• _Work request_
All of the records should be reproduced word for word, but no images may appear in the copy.

• _Material supplied_
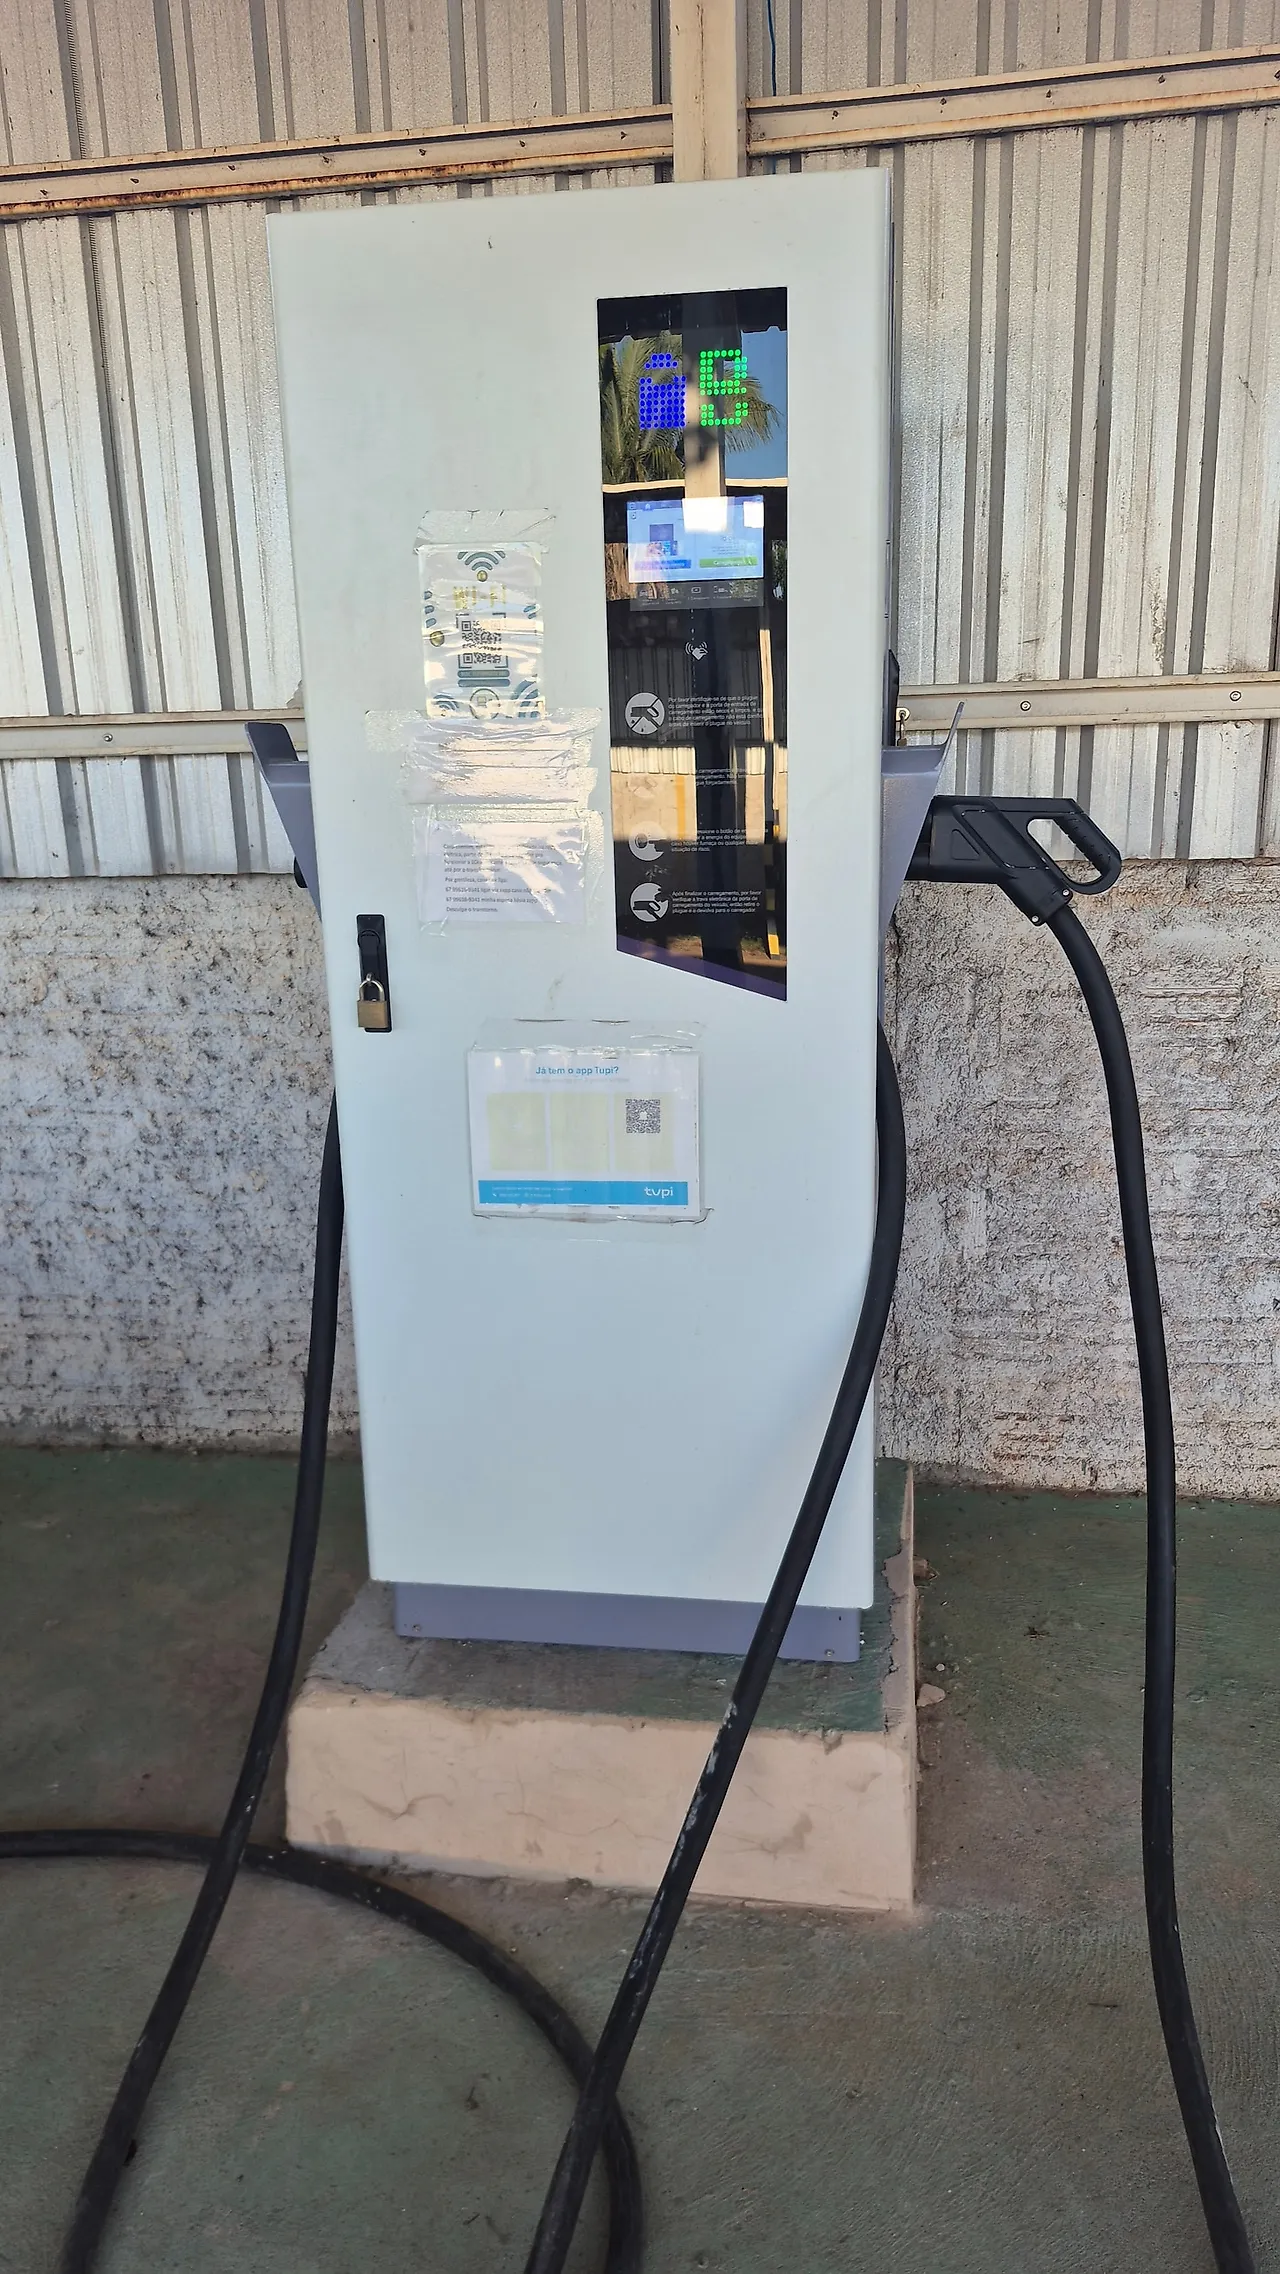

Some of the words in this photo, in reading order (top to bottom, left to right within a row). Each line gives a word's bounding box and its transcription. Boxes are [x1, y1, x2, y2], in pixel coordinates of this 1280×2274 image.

[700, 349, 748, 426] B
[536, 1066, 546, 1074] Já
[575, 1068, 592, 1076] app
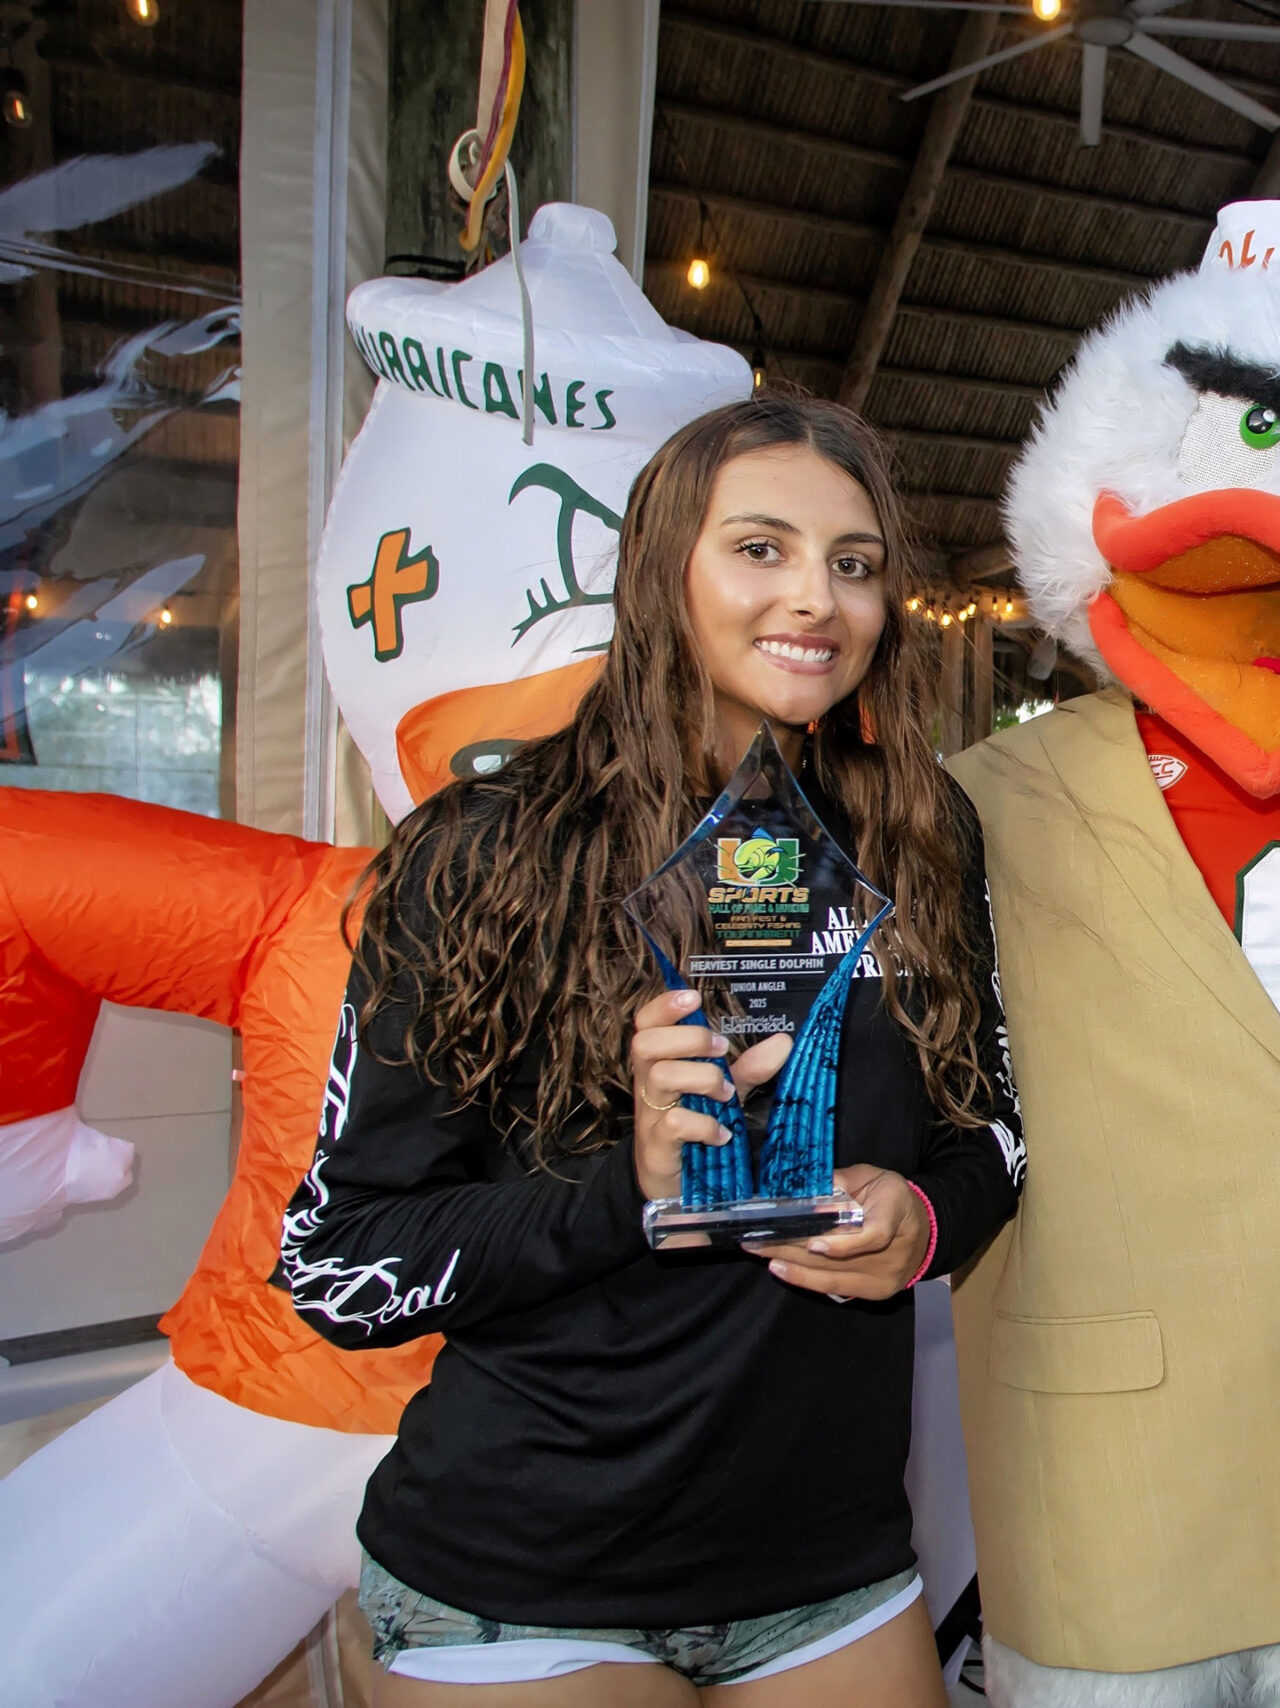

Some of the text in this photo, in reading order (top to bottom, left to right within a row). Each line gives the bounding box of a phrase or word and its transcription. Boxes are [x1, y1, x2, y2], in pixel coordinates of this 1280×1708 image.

• _The answer_
Some of the words in this photo, in reading order (top to bottom, left to right within a row). Each line gives a word's bounding box and its transcription. Boxes are [x1, y1, x2, y2], in pixel coordinates of this 1280×2274 image.

[700, 349, 748, 426] B
[536, 1066, 546, 1074] Já
[575, 1068, 592, 1076] app

Some of the text in this photo, in reading order (top to bottom, left to right within a row). Each line gives the bounding box of a phrase or word and its transcription. Boxes are [x1, y1, x2, y2], in pixel coordinates of this 1280×1708 image.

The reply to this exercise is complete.